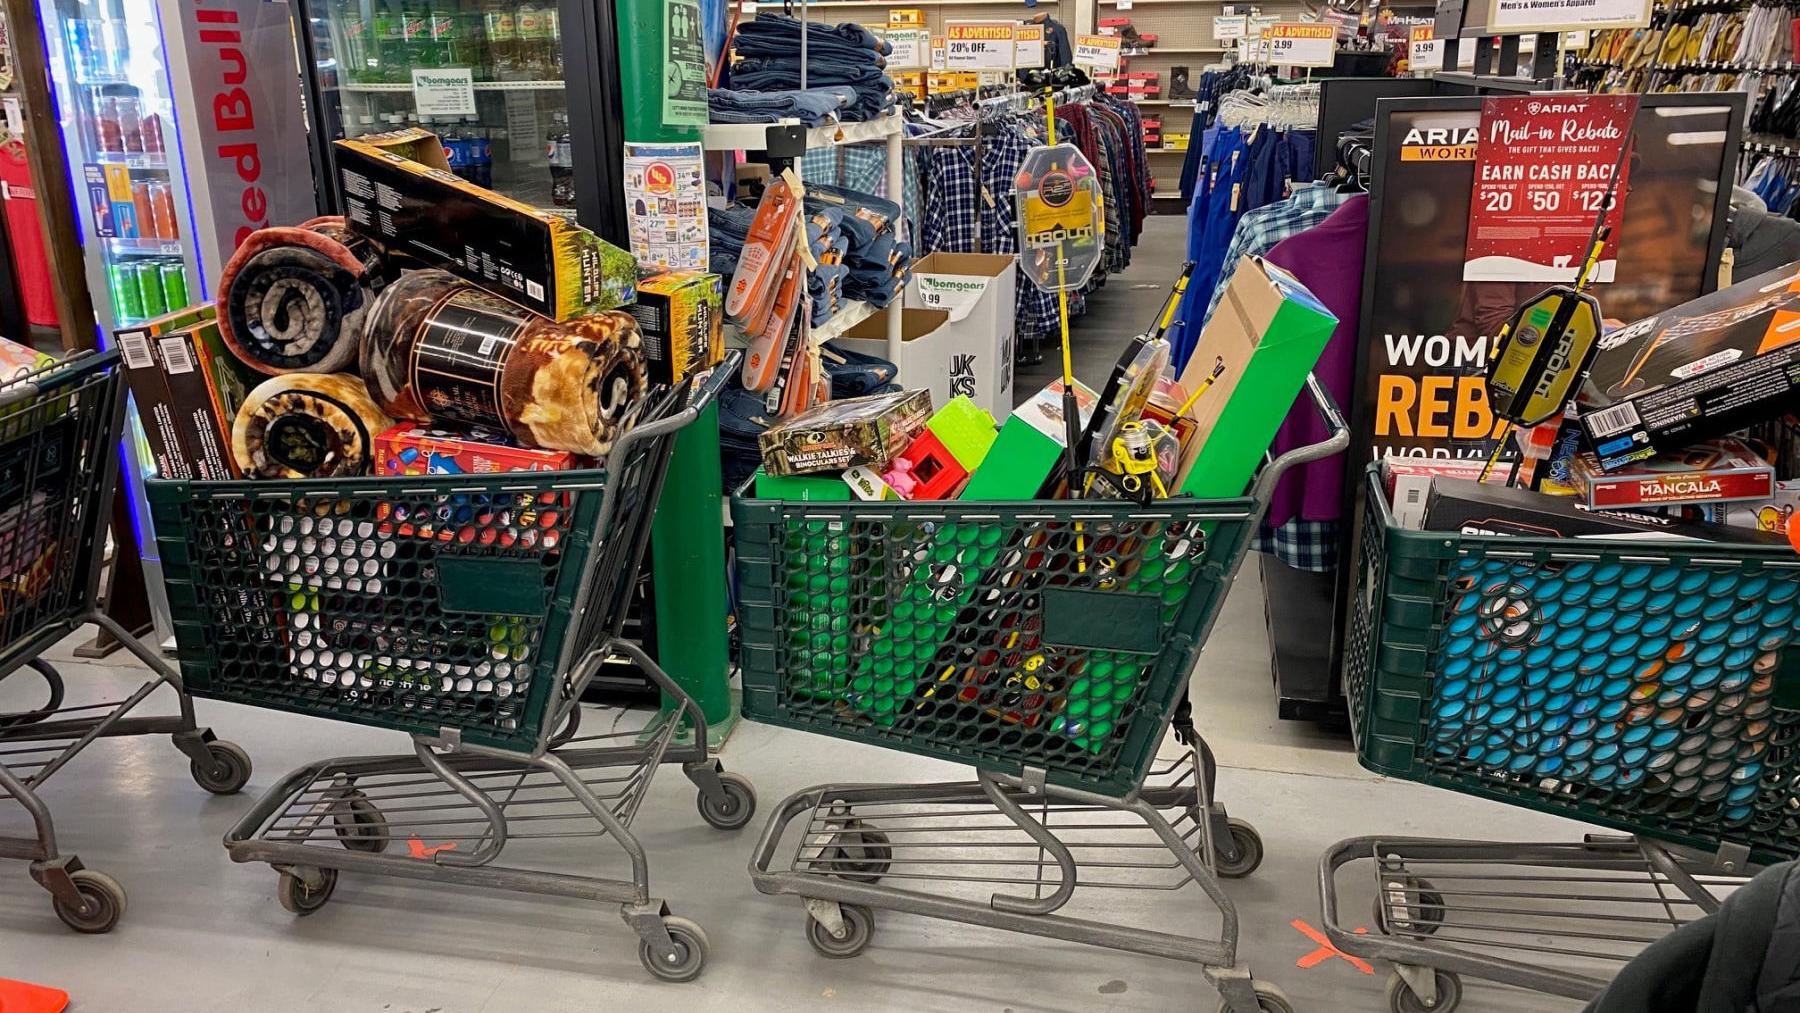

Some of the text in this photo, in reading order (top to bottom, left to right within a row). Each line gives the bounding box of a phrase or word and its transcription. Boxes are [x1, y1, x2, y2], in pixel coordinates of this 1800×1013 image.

[949, 26, 1012, 38] AS ADVERTISED
[1274, 26, 1332, 38] AS ADVERTISED
[1414, 30, 1424, 40] AS
[951, 43, 969, 52] 20%
[971, 43, 986, 52] OFF
[1274, 40, 1292, 48] 3.99
[1416, 43, 1434, 52] 3.99
[193, 9, 255, 131] Bull
[427, 76, 468, 86] bomgaars
[1540, 104, 1586, 113] ARIAT
[1402, 128, 1480, 145] ARIA
[1491, 120, 1622, 144] Mail-in Rebate
[1522, 146, 1536, 154] GIFT
[1482, 166, 1524, 180] EARN
[1529, 165, 1572, 180] CASH
[1480, 192, 1512, 211] $20
[1527, 191, 1560, 211] $50
[582, 249, 590, 304] HUNTER
[932, 278, 984, 291] bomgaars
[1534, 328, 1576, 398] TROUT
[1648, 412, 1686, 428] WARNING:
[787, 450, 816, 462] WALKIE
[817, 448, 848, 460] TALKIES
[796, 456, 850, 468] BINOCULARS SET
[1640, 480, 1721, 496] MANCALA
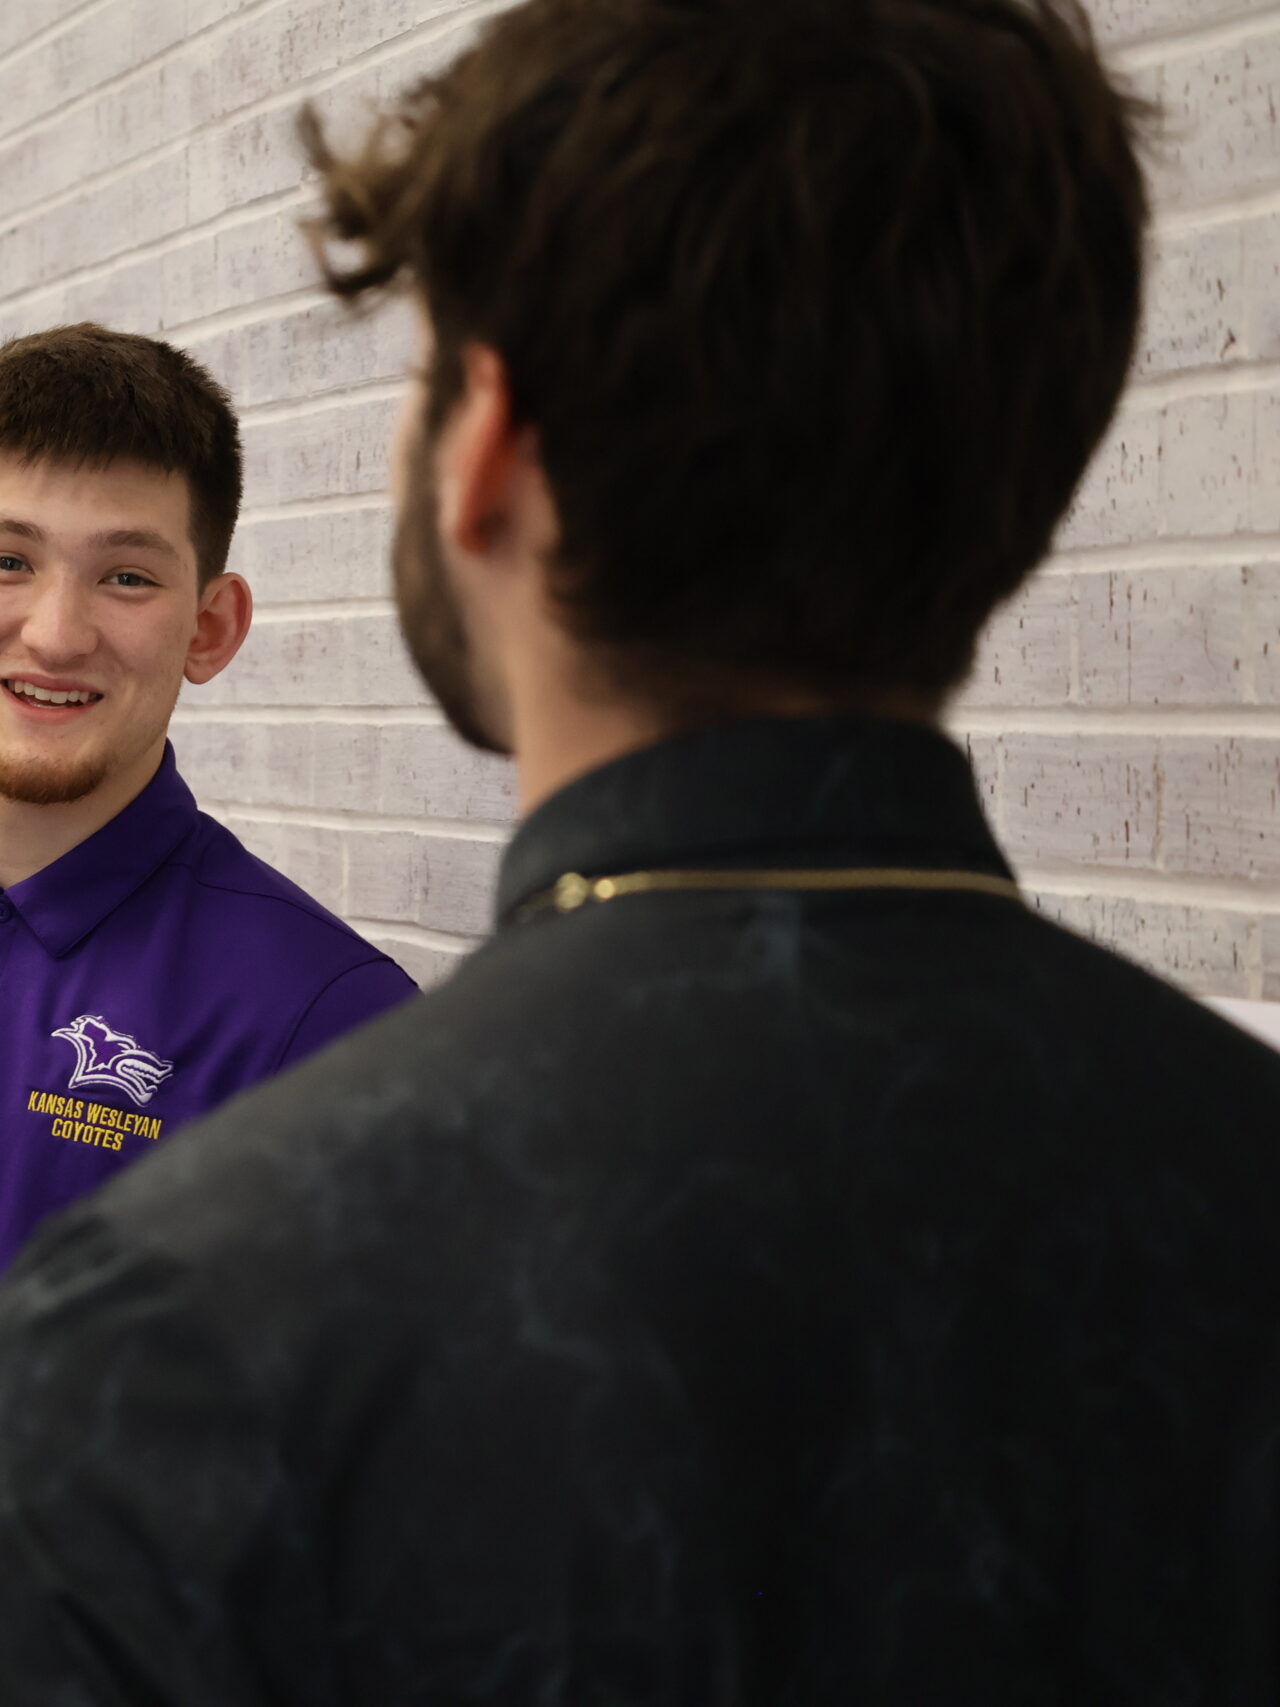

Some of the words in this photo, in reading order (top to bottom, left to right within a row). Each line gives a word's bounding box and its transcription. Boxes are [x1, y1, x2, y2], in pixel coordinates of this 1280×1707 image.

[27, 1090, 84, 1119] KANSAS
[86, 1102, 162, 1140] WESLEYAN
[51, 1118, 125, 1151] COYOTES
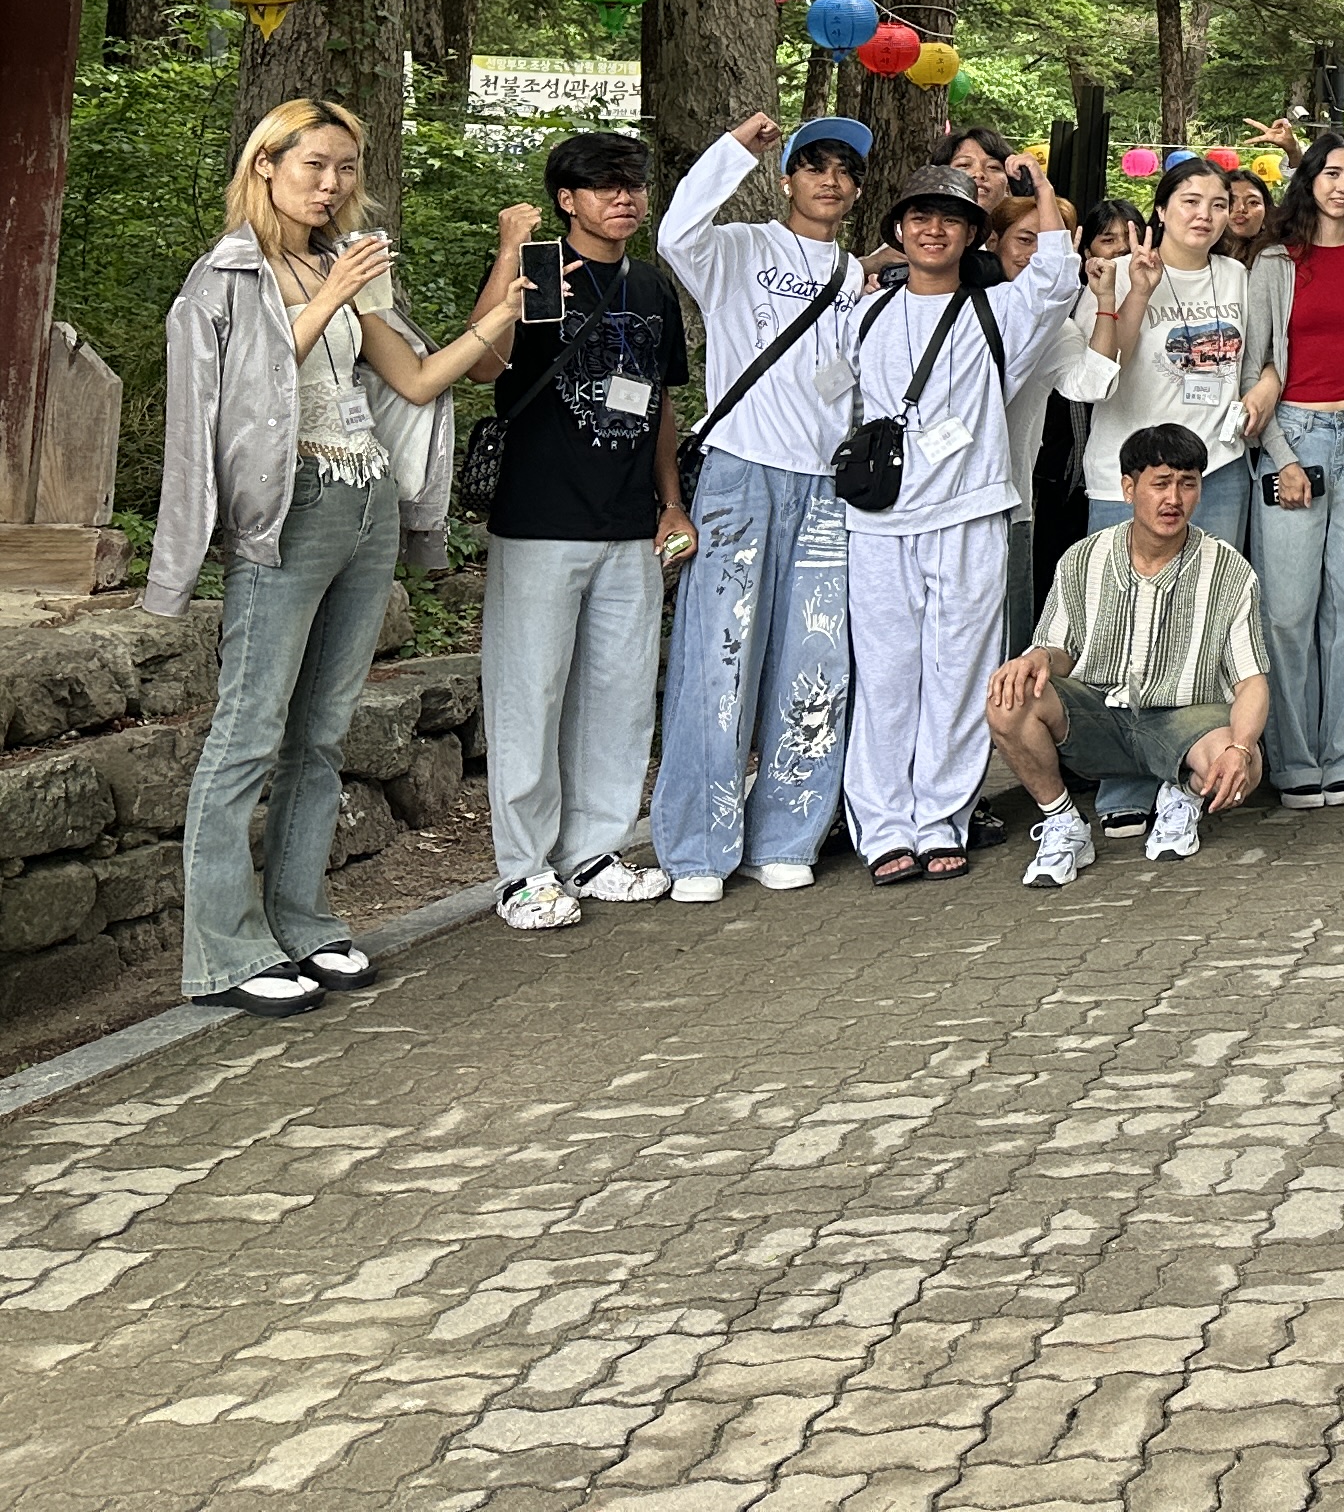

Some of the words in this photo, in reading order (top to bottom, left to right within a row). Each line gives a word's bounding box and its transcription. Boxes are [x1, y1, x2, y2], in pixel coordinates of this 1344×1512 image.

[530, 59, 551, 72] 조상
[1147, 302, 1241, 329] DAMASCUS
[578, 419, 651, 450] PARIS

◆ ◆ ◆ ◆

Give back every entry word for word, and drop the pictures as you go.

Some of the text in this photo, in reading order (top to bottom, left to right within a row). Each line gives the bounding box of a phrase or word and its transcription. Boxes are [x1, y1, x2, y2], in pixel coordinates of this 1800×1013 image.

[949, 26, 1012, 38] AS ADVERTISED
[1274, 26, 1332, 38] AS ADVERTISED
[1414, 30, 1424, 40] AS
[951, 43, 969, 52] 20%
[971, 43, 986, 52] OFF
[1274, 40, 1292, 48] 3.99
[1416, 43, 1434, 52] 3.99
[193, 9, 255, 131] Bull
[427, 76, 468, 86] bomgaars
[1540, 104, 1586, 113] ARIAT
[1402, 128, 1480, 145] ARIA
[1491, 120, 1622, 144] Mail-in Rebate
[1522, 146, 1536, 154] GIFT
[1482, 166, 1524, 180] EARN
[1529, 165, 1572, 180] CASH
[1480, 192, 1512, 211] $20
[1527, 191, 1560, 211] $50
[582, 249, 590, 304] HUNTER
[932, 278, 984, 291] bomgaars
[1534, 328, 1576, 398] TROUT
[1648, 412, 1686, 428] WARNING:
[787, 450, 816, 462] WALKIE
[817, 448, 848, 460] TALKIES
[796, 456, 850, 468] BINOCULARS SET
[1640, 480, 1721, 496] MANCALA

Some of the words in this photo, in reading order (top to bottom, left to right within a row). Each line gives a word's bounding box and its transcription. Boxes are [x1, y1, x2, y2], in pixel coordinates of this 1280×1707 image.

[27, 1090, 84, 1119] KANSAS
[86, 1102, 162, 1140] WESLEYAN
[51, 1118, 125, 1151] COYOTES

Some of the words in this photo, in reading order (top to bottom, left to right within a row). Each line gives a word's bounding box and its transcription. Boxes are [x1, y1, x2, y2], in pixel coordinates of this 1344×1512 image.

[530, 59, 551, 72] 조상
[1147, 302, 1241, 329] DAMASCUS
[578, 419, 651, 450] PARIS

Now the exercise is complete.